Data to examine -
▬▬▬▬▬▬

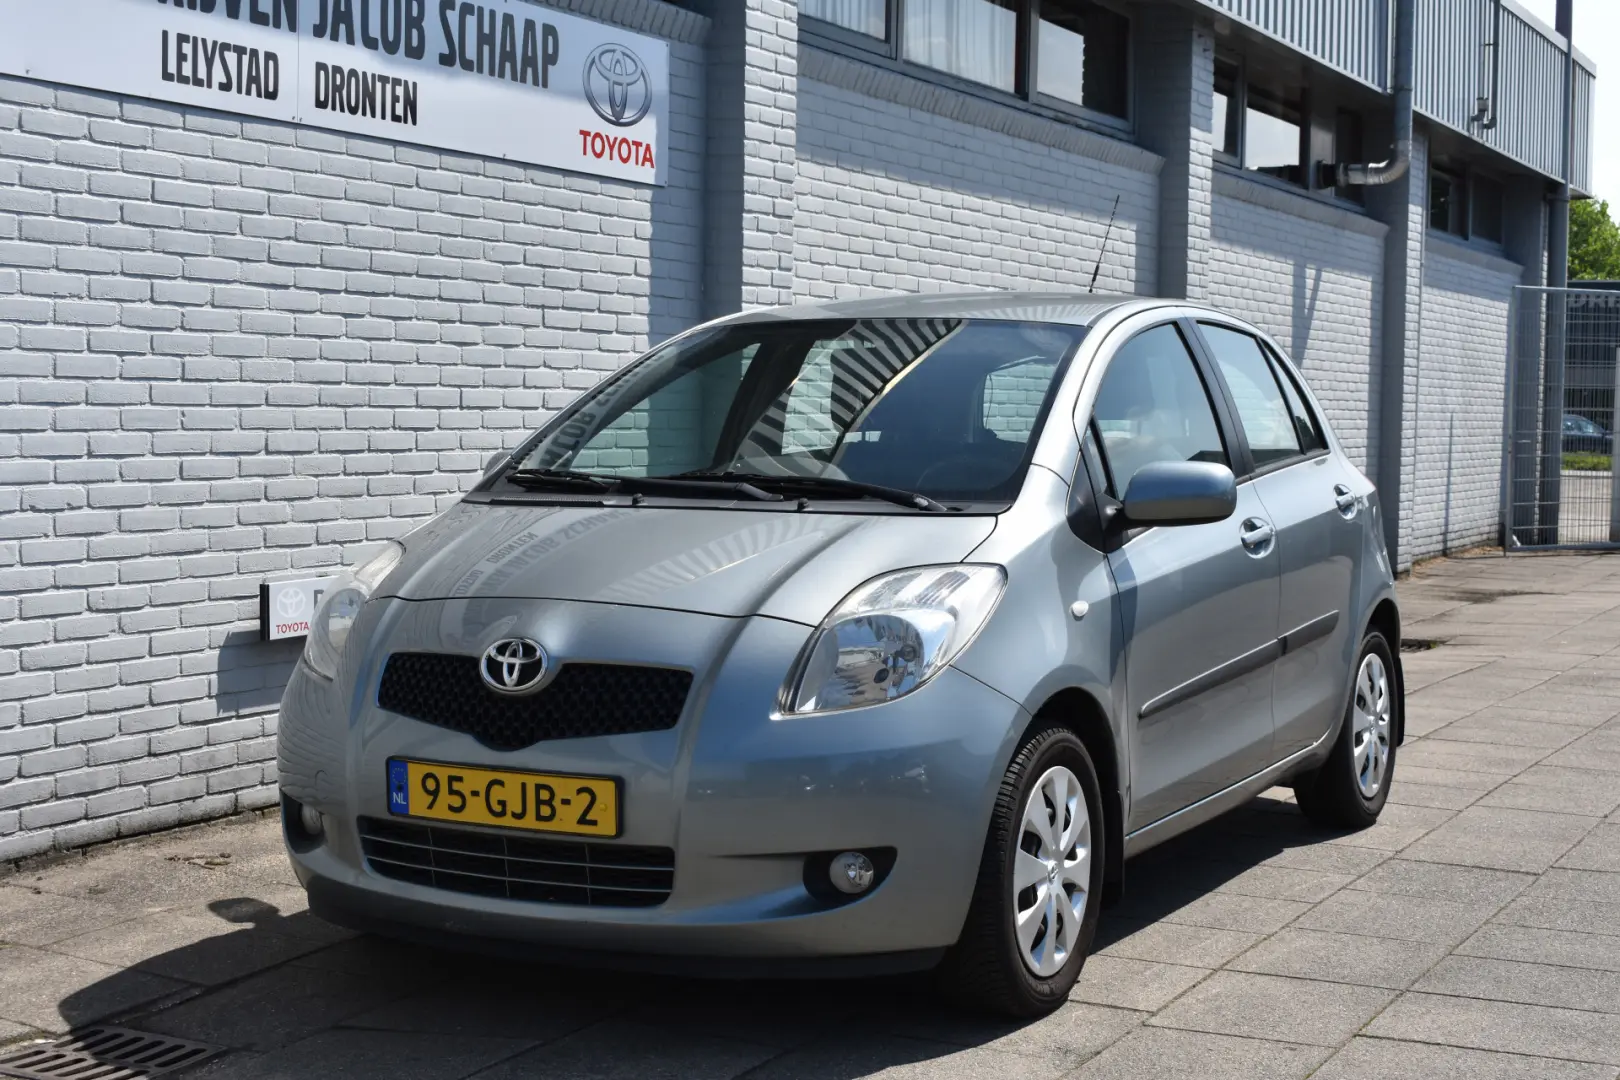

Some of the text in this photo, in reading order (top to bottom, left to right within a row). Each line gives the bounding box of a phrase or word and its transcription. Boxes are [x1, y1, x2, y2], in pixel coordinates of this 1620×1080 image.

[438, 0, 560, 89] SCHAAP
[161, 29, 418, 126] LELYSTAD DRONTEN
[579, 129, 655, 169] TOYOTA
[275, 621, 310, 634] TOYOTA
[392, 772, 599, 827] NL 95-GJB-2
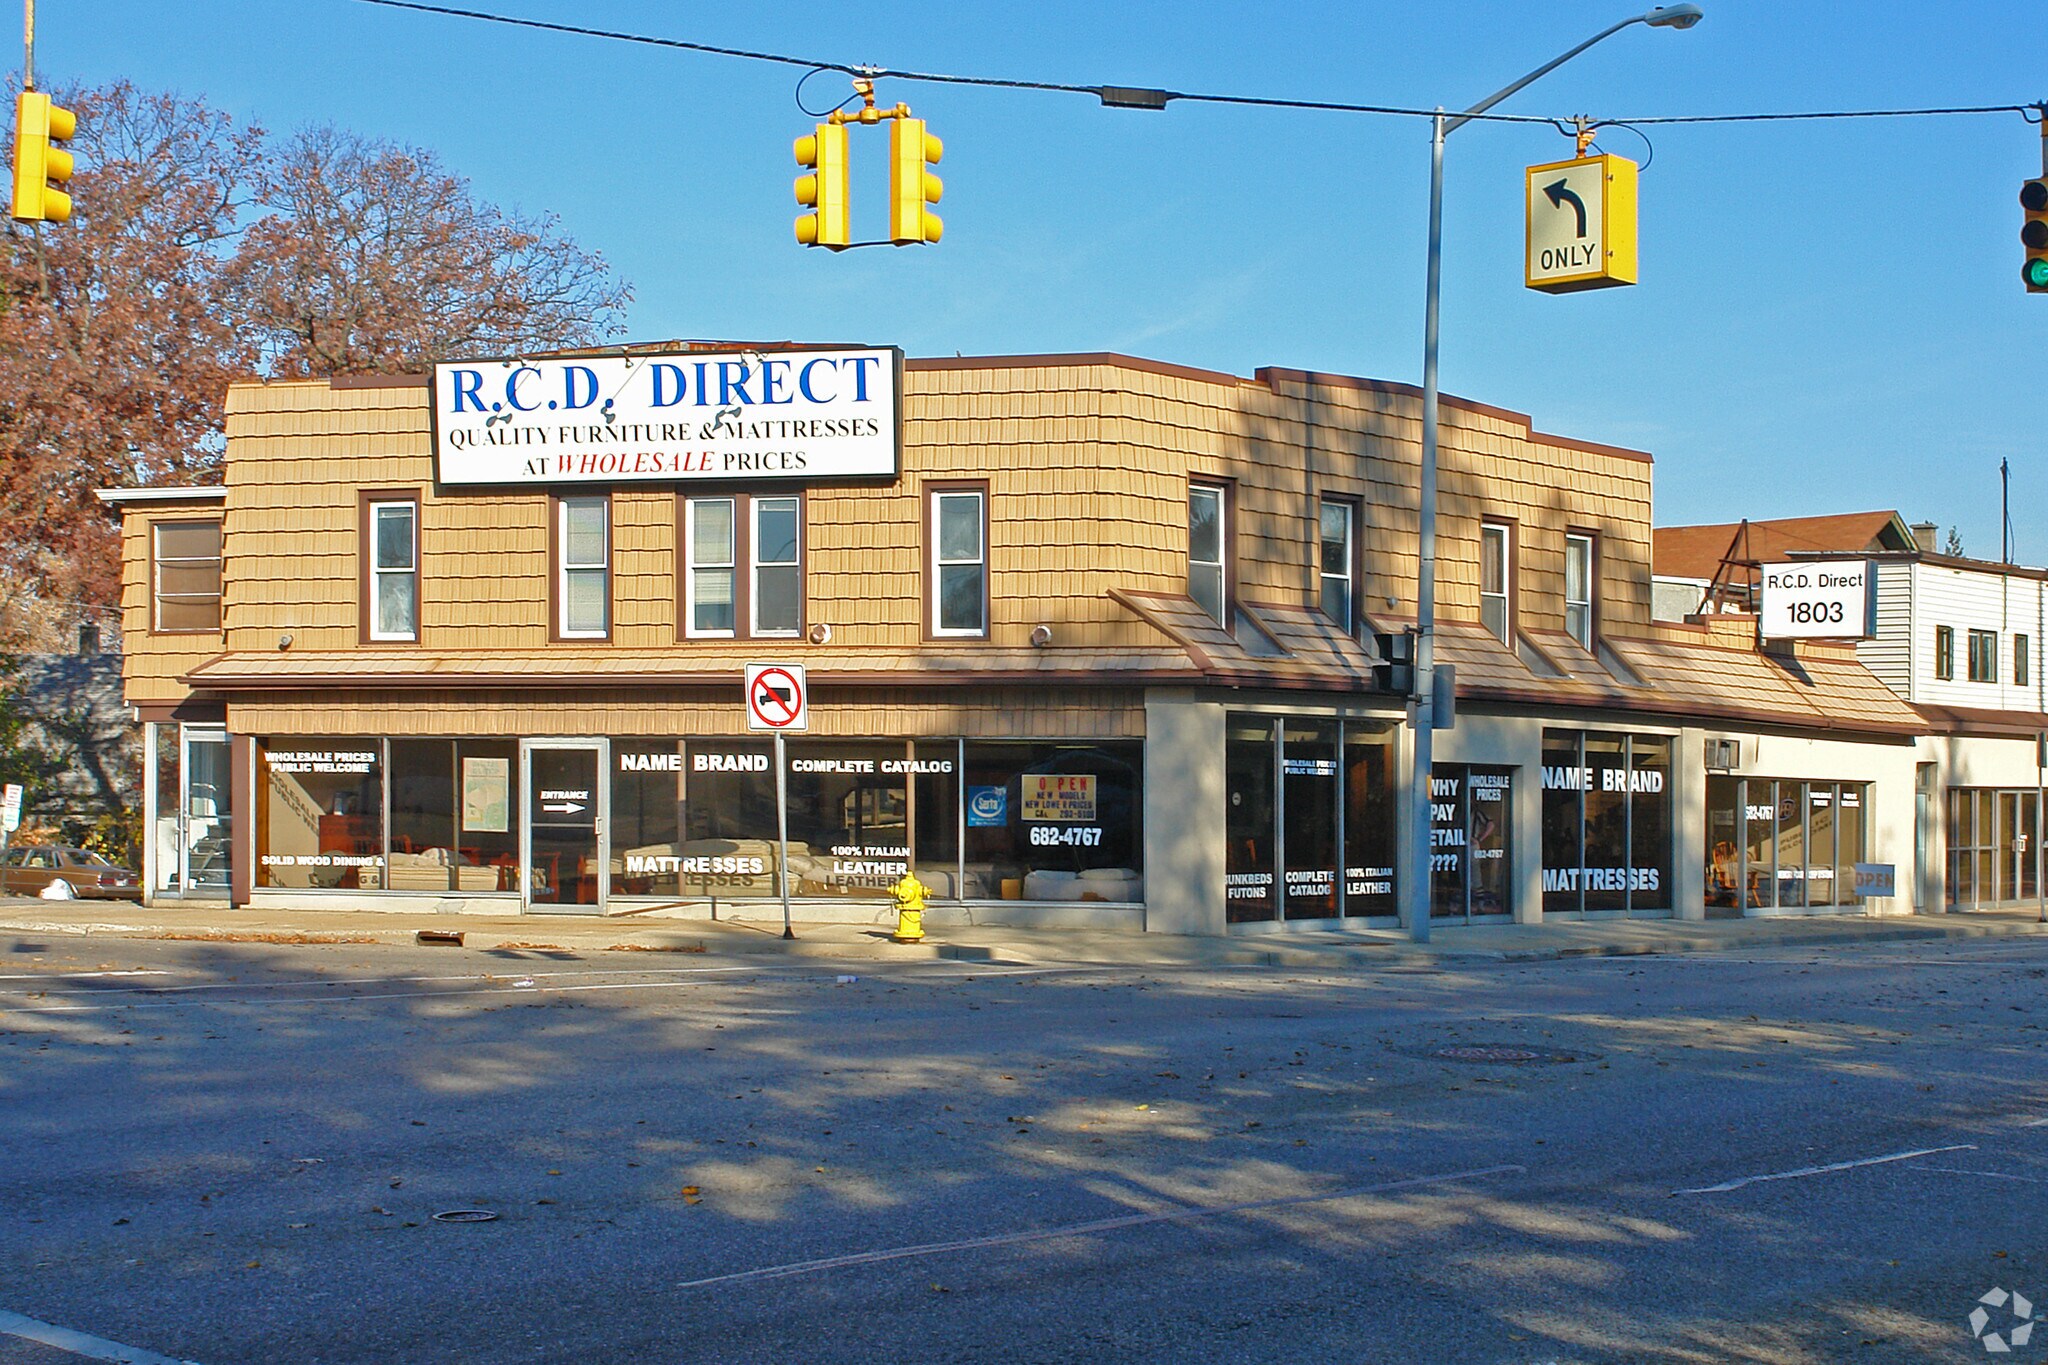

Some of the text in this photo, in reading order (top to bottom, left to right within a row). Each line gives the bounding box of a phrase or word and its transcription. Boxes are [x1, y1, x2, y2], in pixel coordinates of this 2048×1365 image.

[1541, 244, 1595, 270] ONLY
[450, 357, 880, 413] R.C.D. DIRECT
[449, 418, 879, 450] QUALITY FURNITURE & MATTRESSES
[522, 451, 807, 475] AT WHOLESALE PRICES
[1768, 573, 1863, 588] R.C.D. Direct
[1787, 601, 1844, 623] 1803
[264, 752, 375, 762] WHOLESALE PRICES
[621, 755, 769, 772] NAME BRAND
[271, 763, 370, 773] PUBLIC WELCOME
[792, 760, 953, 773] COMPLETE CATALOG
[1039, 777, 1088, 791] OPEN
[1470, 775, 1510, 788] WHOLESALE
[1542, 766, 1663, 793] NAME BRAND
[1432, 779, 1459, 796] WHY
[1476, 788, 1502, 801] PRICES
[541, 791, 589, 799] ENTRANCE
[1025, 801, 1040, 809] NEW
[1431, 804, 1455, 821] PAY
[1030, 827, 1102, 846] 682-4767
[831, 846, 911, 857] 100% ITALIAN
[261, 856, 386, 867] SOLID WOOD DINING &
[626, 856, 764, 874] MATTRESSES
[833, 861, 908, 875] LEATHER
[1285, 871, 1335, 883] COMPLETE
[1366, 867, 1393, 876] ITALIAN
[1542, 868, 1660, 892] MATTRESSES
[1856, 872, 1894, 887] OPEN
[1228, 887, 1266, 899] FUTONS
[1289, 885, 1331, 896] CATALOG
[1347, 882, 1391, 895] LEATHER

▬▬▬▬▬▬

Work instructions - Restate the records above in full, word for word. Keep pictures out.

Answer area -
Some of the text in this photo, in reading order (top to bottom, left to right within a row). Each line gives the bounding box of a phrase or word and its transcription. Boxes are [x1, y1, x2, y2], in pixel coordinates of this 1620×1080 image.

[438, 0, 560, 89] SCHAAP
[161, 29, 418, 126] LELYSTAD DRONTEN
[579, 129, 655, 169] TOYOTA
[275, 621, 310, 634] TOYOTA
[392, 772, 599, 827] NL 95-GJB-2

Some of the text in this photo, in reading order (top to bottom, left to right within a row). Each line gives the bounding box of a phrase or word and its transcription. Boxes are [x1, y1, x2, y2], in pixel coordinates of this 2048×1365 image.

[1541, 244, 1595, 270] ONLY
[450, 357, 880, 413] R.C.D. DIRECT
[449, 418, 879, 450] QUALITY FURNITURE & MATTRESSES
[522, 451, 807, 475] AT WHOLESALE PRICES
[1768, 573, 1863, 588] R.C.D. Direct
[1787, 601, 1844, 623] 1803
[264, 752, 375, 762] WHOLESALE PRICES
[621, 755, 769, 772] NAME BRAND
[271, 763, 370, 773] PUBLIC WELCOME
[792, 760, 953, 773] COMPLETE CATALOG
[1039, 777, 1088, 791] OPEN
[1470, 775, 1510, 788] WHOLESALE
[1542, 766, 1663, 793] NAME BRAND
[1432, 779, 1459, 796] WHY
[1476, 788, 1502, 801] PRICES
[541, 791, 589, 799] ENTRANCE
[1025, 801, 1040, 809] NEW
[1431, 804, 1455, 821] PAY
[1030, 827, 1102, 846] 682-4767
[831, 846, 911, 857] 100% ITALIAN
[261, 856, 386, 867] SOLID WOOD DINING &
[626, 856, 764, 874] MATTRESSES
[833, 861, 908, 875] LEATHER
[1285, 871, 1335, 883] COMPLETE
[1366, 867, 1393, 876] ITALIAN
[1542, 868, 1660, 892] MATTRESSES
[1856, 872, 1894, 887] OPEN
[1228, 887, 1266, 899] FUTONS
[1289, 885, 1331, 896] CATALOG
[1347, 882, 1391, 895] LEATHER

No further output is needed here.